Encore une fois bouleversée par la si longue lettre de Mariama Bâ

Hier soir, aux prises avec une insomnie, je tournais avec frénésie les pages de l’un des livres qui a le plus marqué ma vie : “Une si longue lettre” de Mariama Bâ.

Je le dévorais pour la troisième fois mais il me procurait encore des sensations indescriptibles. Ce livre est un chef-d’œuvre absolu qui traversera à jamais les âges.

Hier soir, dans mon lit, je retrouvais avec émotions, Ramatoulaye, ma Ramatoulaye. Cette femme que j’aime comme une mère. 

Éprouvée par les épreuves, elle traverse les affres de la vie avec grandeur et dignité.

Et elle aime, elle aime passionnément. Elle est « de celles qui ne peuvent se réaliser et s’épanouir que dans le couple ». Elle n’a “jamais conçu le bonheur hors du couple”, tout en comprenant le choix des femmes libres.

À Aïssatou, elle dit : “Tu ignores ce que se marier signifie pour moi : c’est un acte de foi et d’amour, un don total de soi à l’être que l’on a choisi et qui vous a choisi.”. En cela, elle me ressemble tant.

Aïssatou, son amie, est partie, elle, a décidé de rester. Elle n’en est pas moins forte. Car elle se battra, à sa manière, pour subvenir aux besoins de ses douze enfants. Jamais elle ne courbera l’échine sous le poids des responsabilités.
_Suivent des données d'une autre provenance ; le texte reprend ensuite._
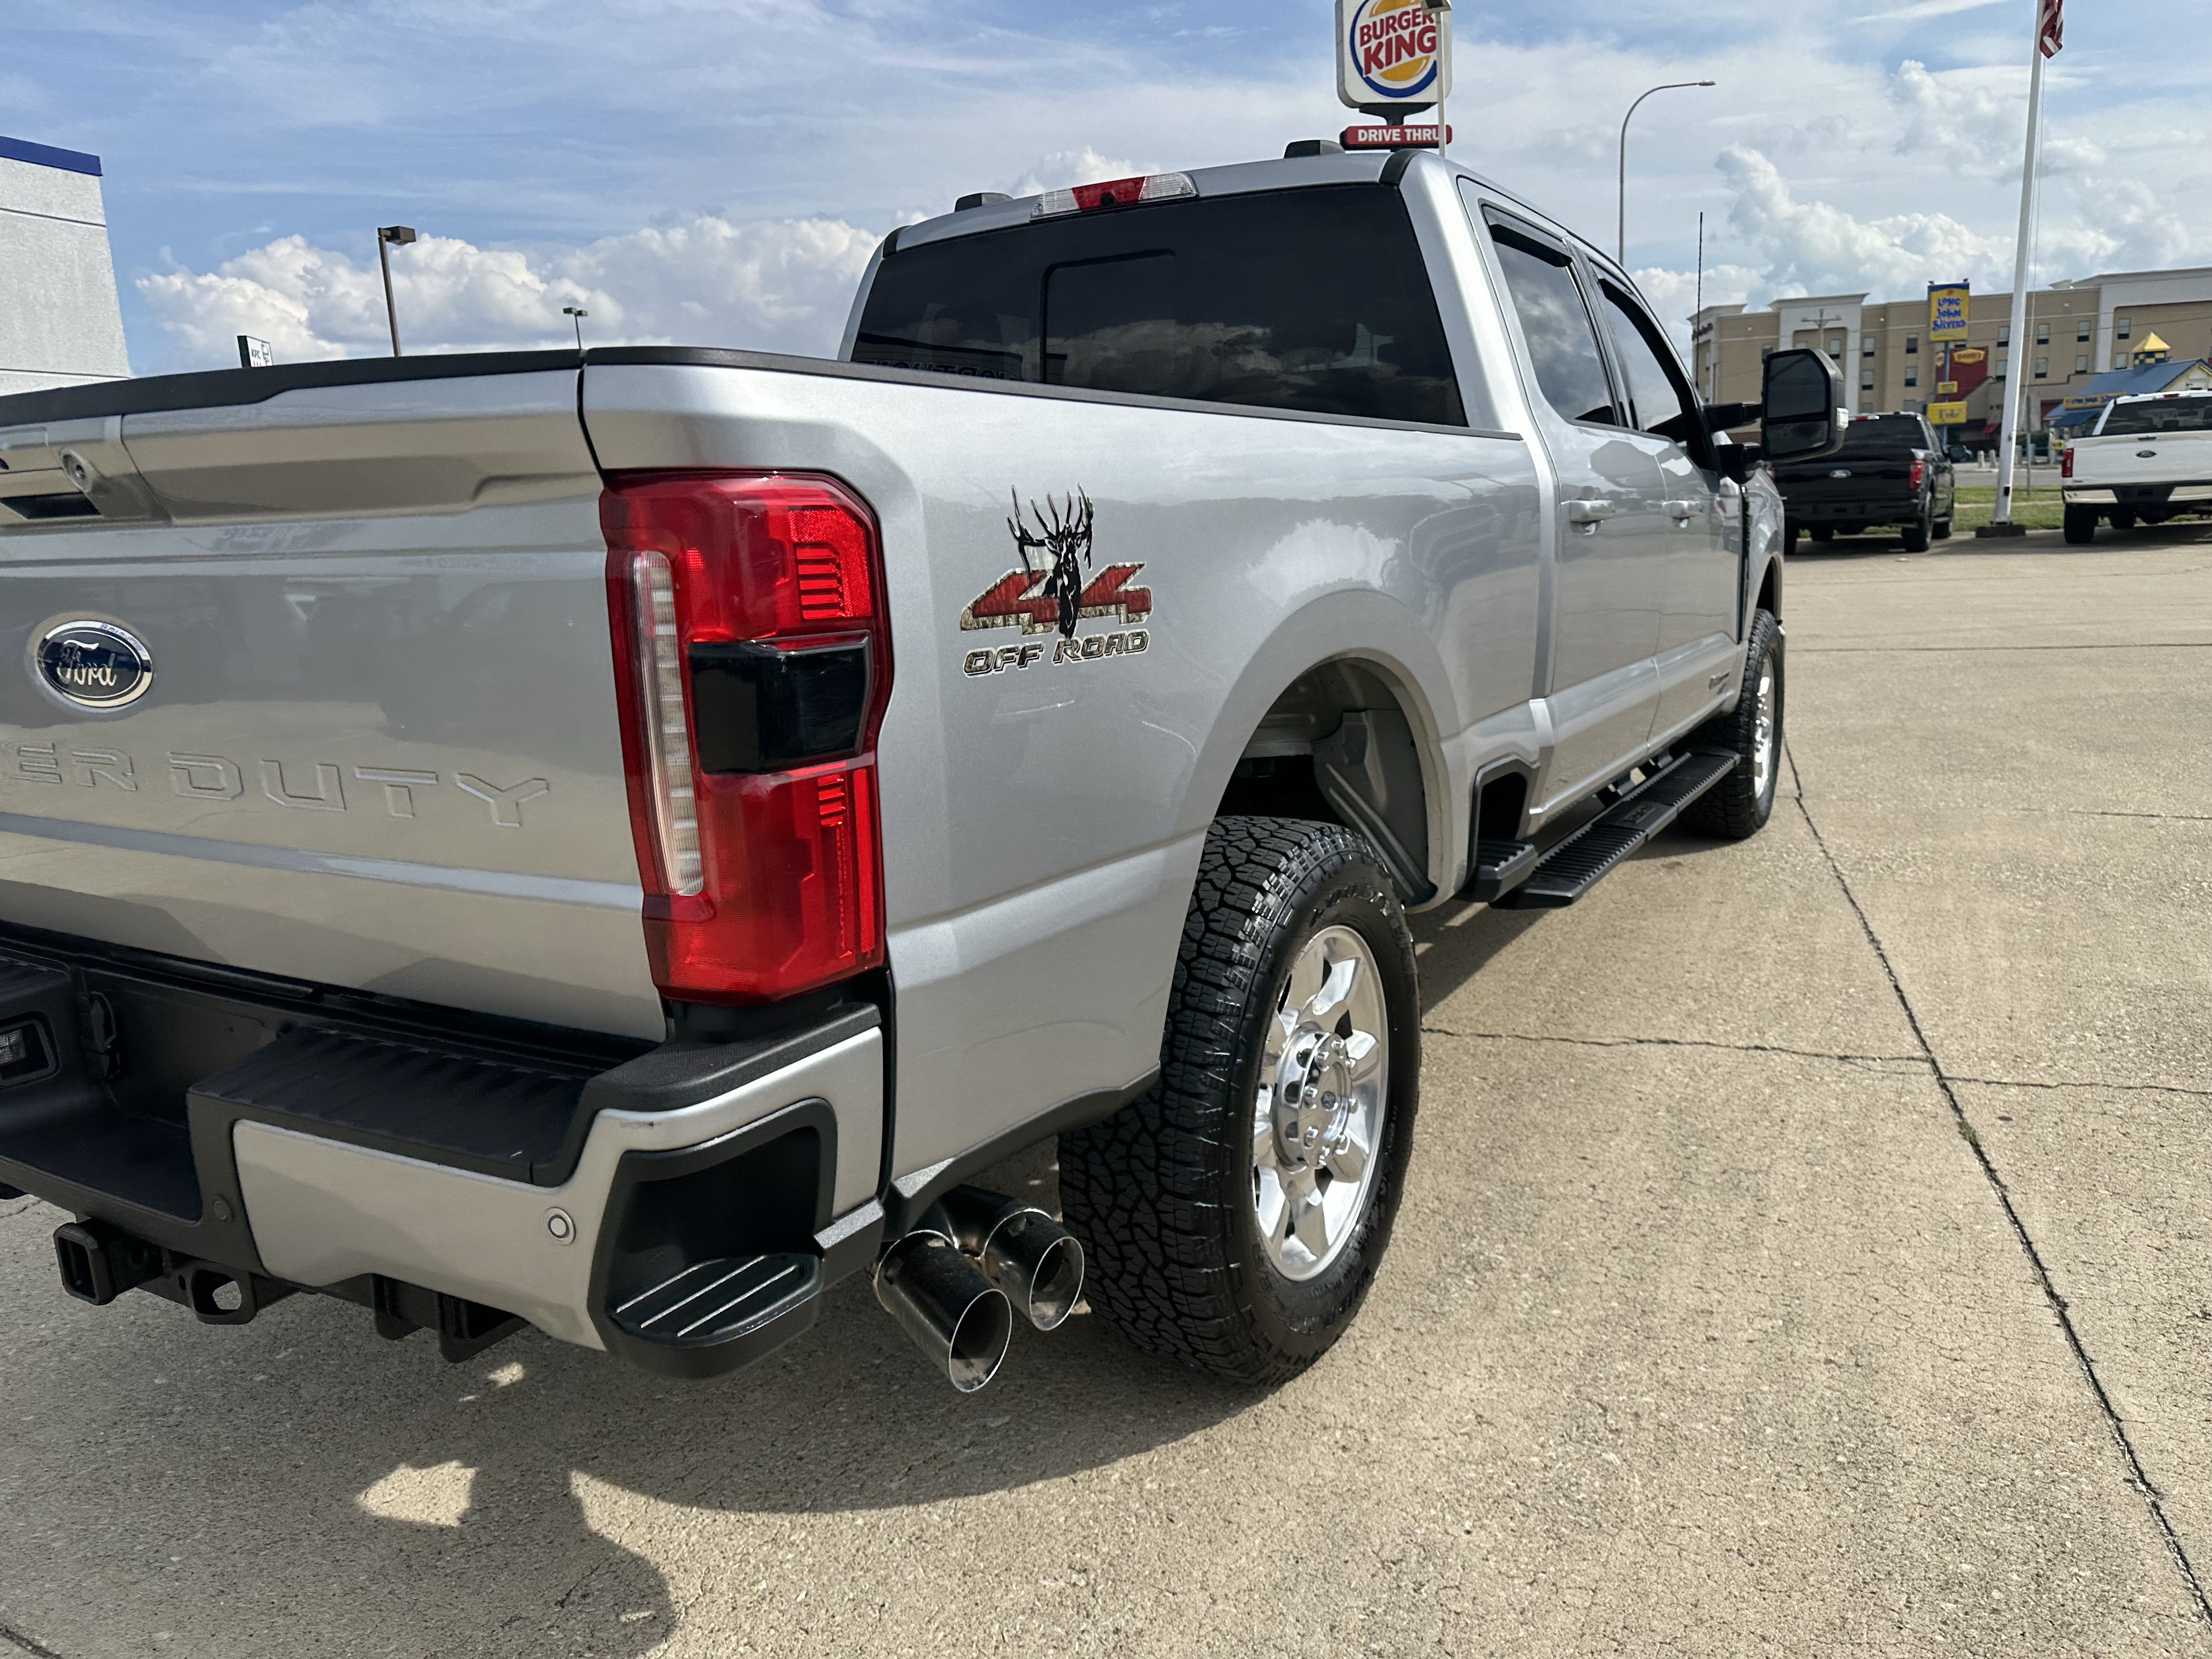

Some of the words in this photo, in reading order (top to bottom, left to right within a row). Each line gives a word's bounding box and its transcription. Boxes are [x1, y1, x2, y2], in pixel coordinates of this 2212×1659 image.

[1359, 8, 1434, 47] BURGER
[1363, 25, 1436, 75] KING
[1358, 129, 1401, 142] DRIVE
[1404, 128, 1440, 141] THRU
[251, 348, 261, 359] KFC
[56, 639, 117, 686] Ford
[963, 641, 1045, 678] OFF
[1052, 630, 1150, 665] ROAD
[166, 752, 549, 827] DUTY
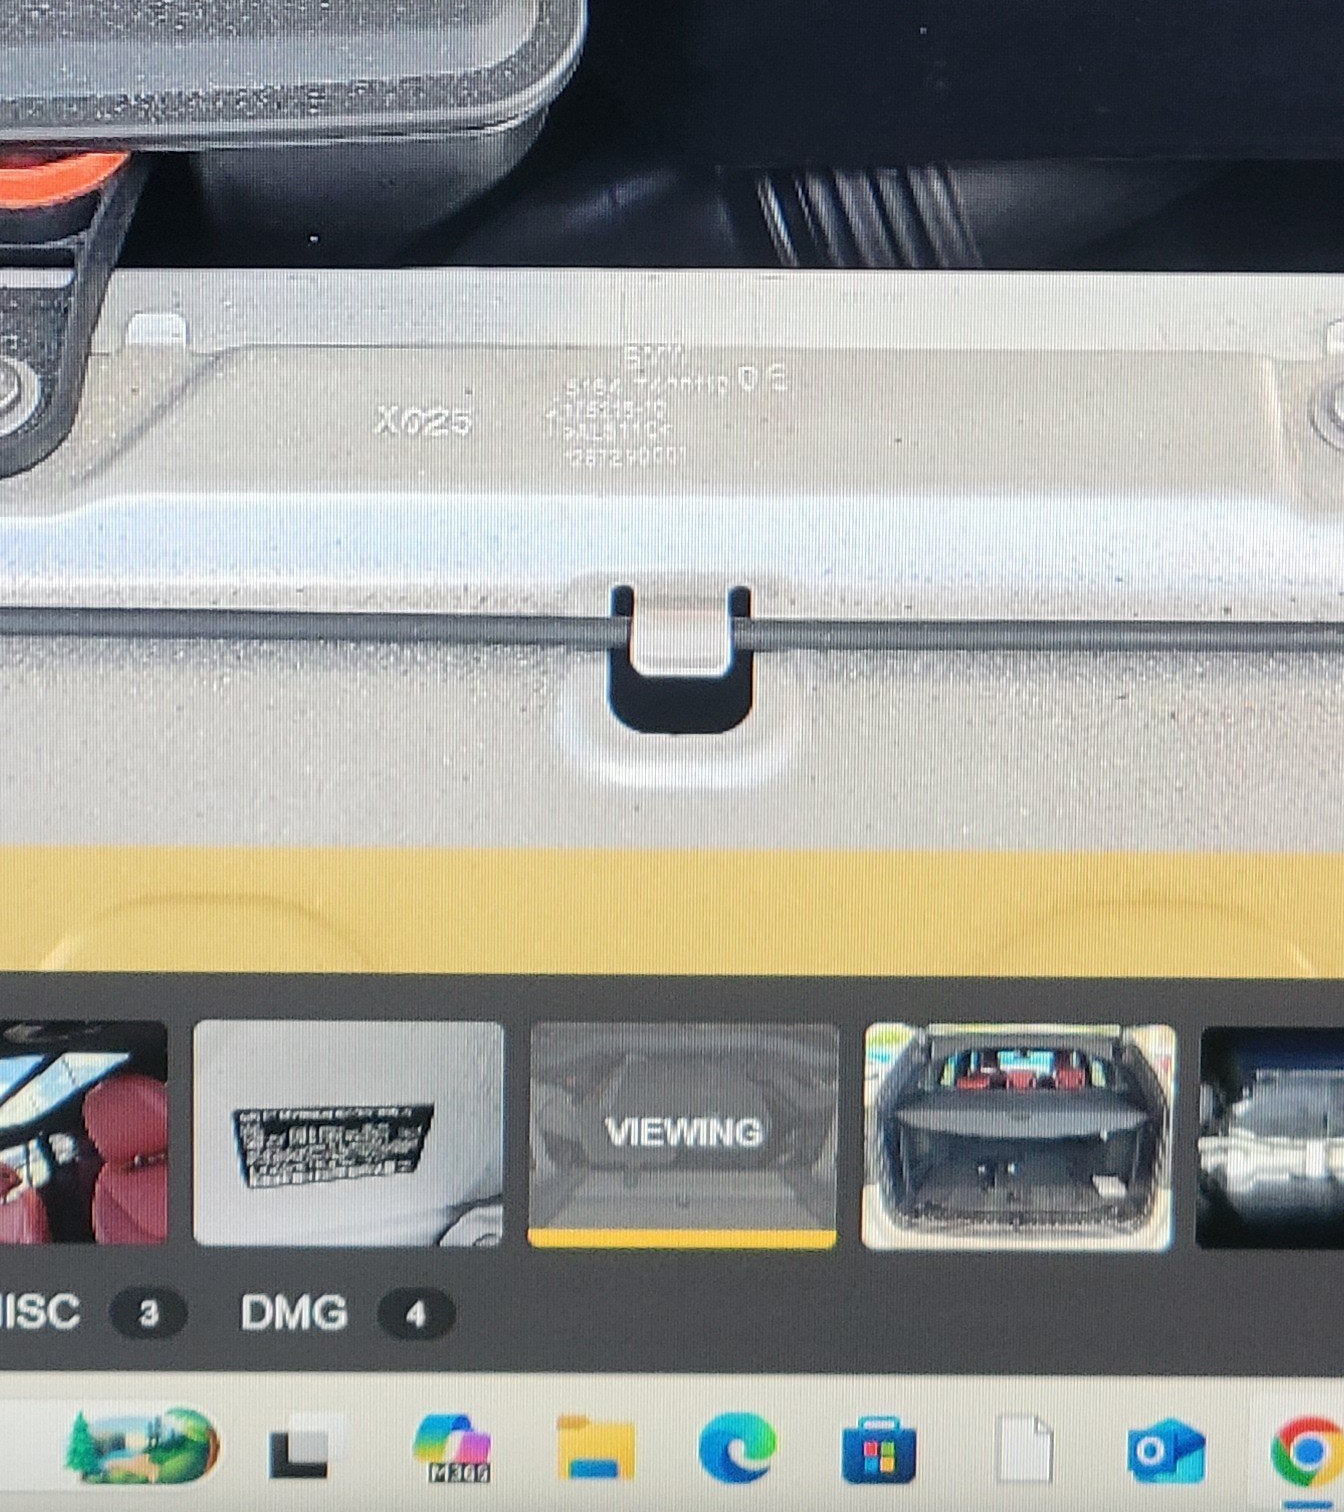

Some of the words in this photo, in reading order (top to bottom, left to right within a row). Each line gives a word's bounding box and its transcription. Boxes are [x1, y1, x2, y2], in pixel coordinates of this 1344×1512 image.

[604, 1116, 765, 1148] VIEWING
[139, 1300, 159, 1327] 3
[241, 1294, 348, 1331] DMG
[405, 1300, 427, 1327] 4
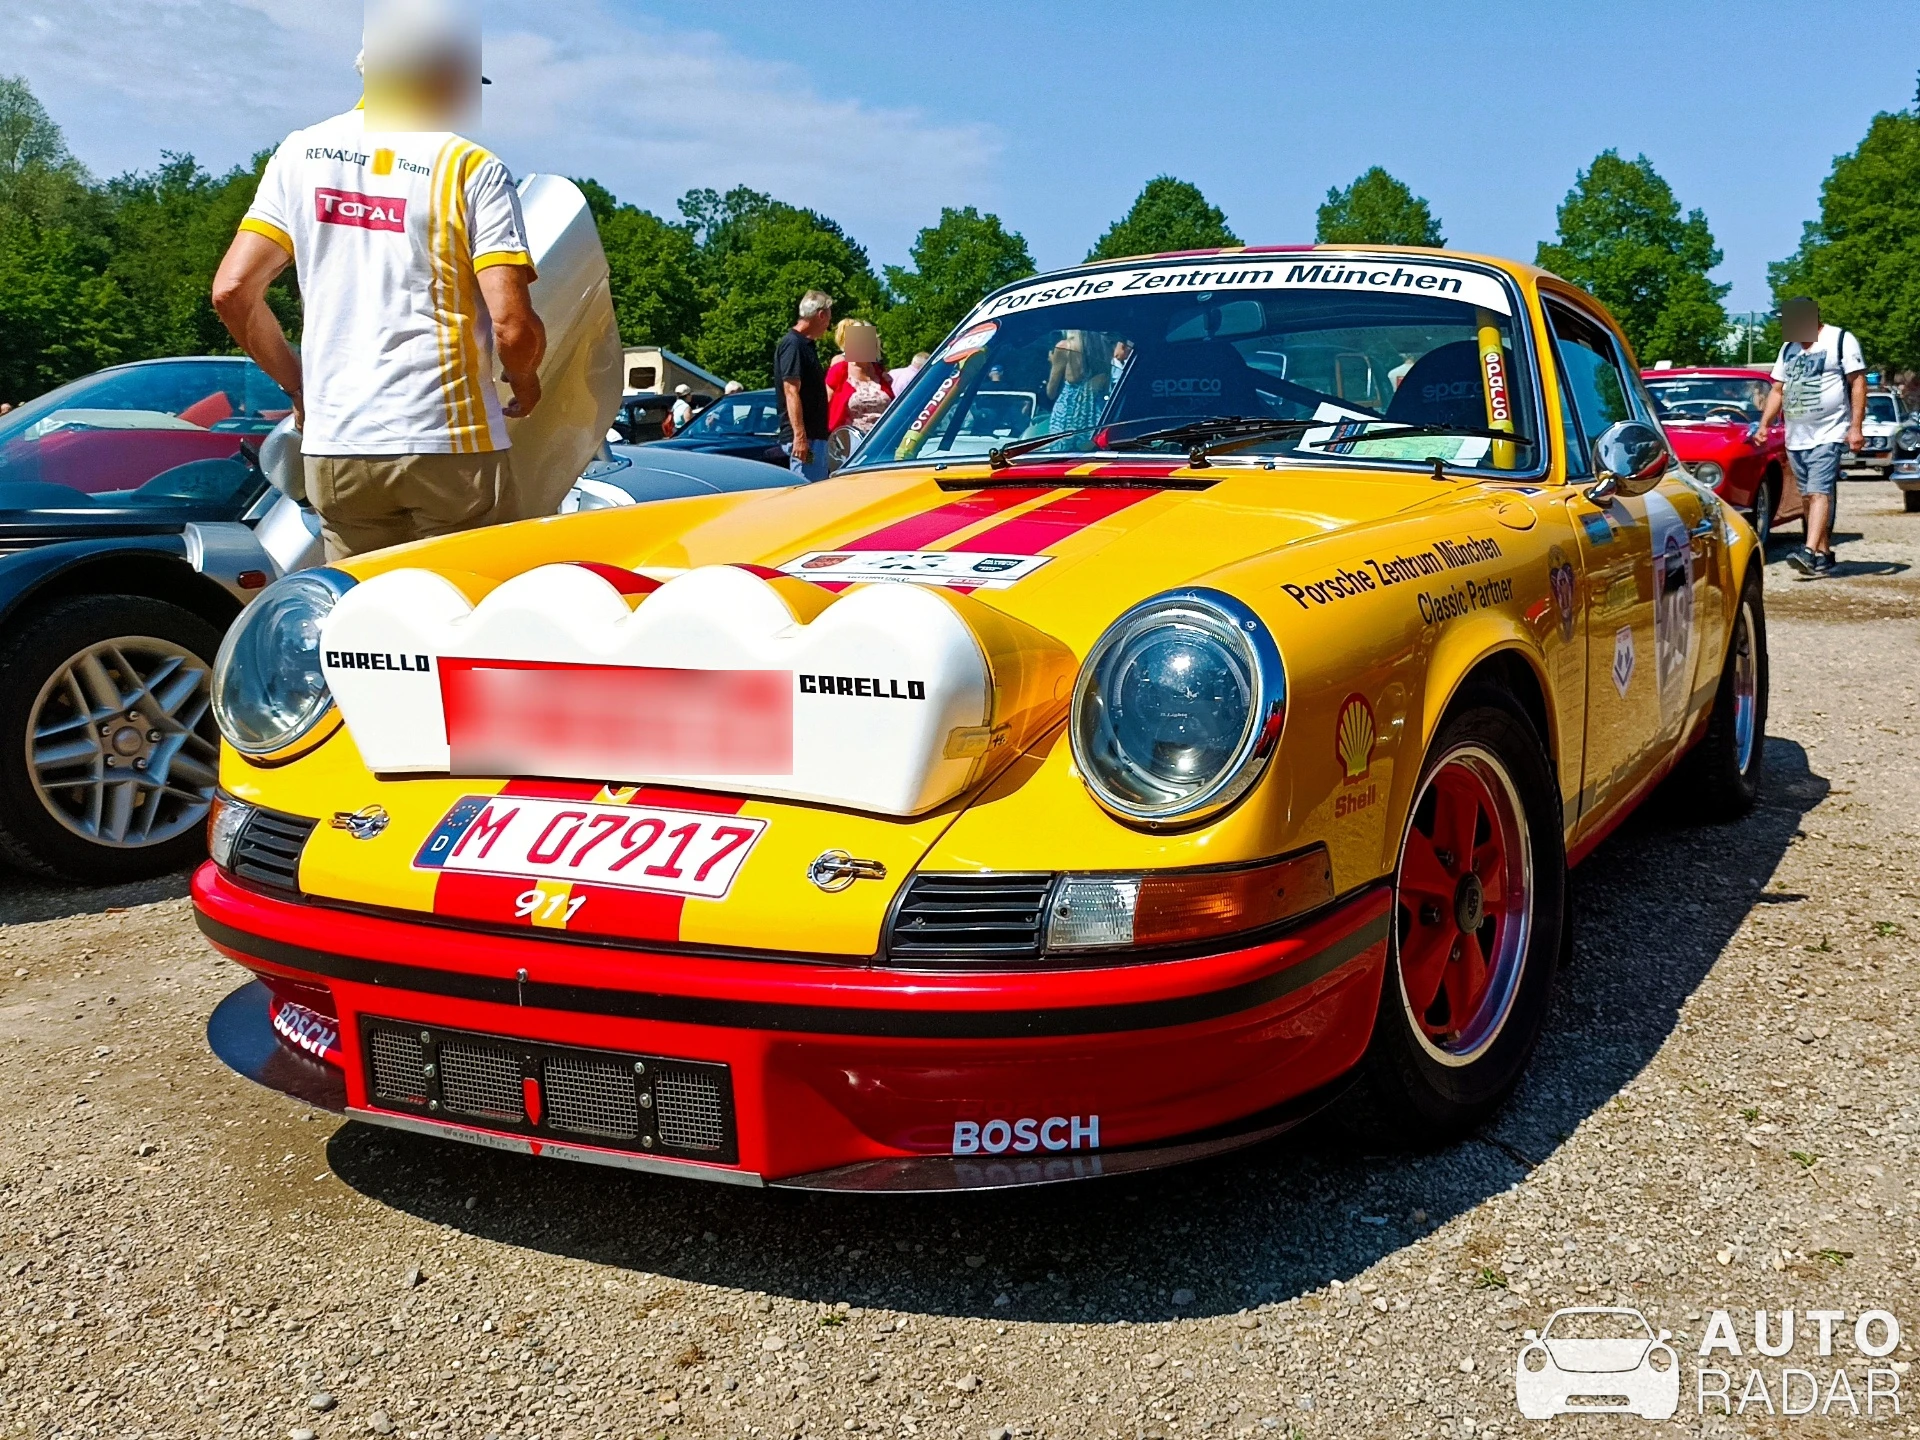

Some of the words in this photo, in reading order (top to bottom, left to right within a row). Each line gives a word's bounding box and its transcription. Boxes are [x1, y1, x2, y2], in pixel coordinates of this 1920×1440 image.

Elle acceptera son sort et vivra pleinement sa souffrance.

Elle est ainsi faite Ramatoulaye, entière, elle vit intensément bonheur et infortune. Car pour vaincre sa rancœur, elle pense à la destinée humaine.

Chaque vie recèle une parcelle d’héroïsme, un héroïsme obscur fait d’abdications, de renoncements et d’acquiescements, sous le fouet impitoyable de la fatalité.

Et que dire de cette amitié touchante entre Ramatoulaye et Aïssatou ? Comment ne pas être sensible à des liens si profonds et si désintéressés, moi qui aime passionnément mes amies ?

L’amitié a des grandeurs inconnues de l’amour. Elle se fortifie dans les difficultés, alors que les contraintes massacrent l’amour. Elle résiste au temps qui lasse et désunit les couples. Elle a des élévations inconnues de l’amour.

Ce livre m’a une fois de plus bouleversée. Mais cette fois, j’ai versé des larmes, pour la toute première fois… Ramatoulaye est réelle pour moi et je l’aime profondément. Sa philosophie de vie m’émeut, son verbe m’émerveille, son grand cœur et sa résilience m’apaisent, son regard critique sur sa société me stimule.

Cette troisième lecture m’a édifiée sur bien d’autres aspects profonds de cette œuvre inoubliable. Mariama Bâ y entreprend une dissection méticuleuse de sa société avec une succession de dénonciations subtilement insérées tout au long de la lettre.

Polygamie bien-sûr, mais aussi violence du deuil, mysticisme, poids de la famille sur le couple, charge mentale des femmes, dépression, lévirat, place de la femme en politique, mise en lumière d’une société prise au piège entre rêve de modernité et respect des traditions, éducations des filles dans une société en pleine évolution etc. Tant de thèmes condensés dans un si petit ouvrage. Quel exploit !

Je pourrais vous parler encore des heures de ce livre… Mais bon, restons-en là, enfin pour le moment.

Avec passion,

Dyna.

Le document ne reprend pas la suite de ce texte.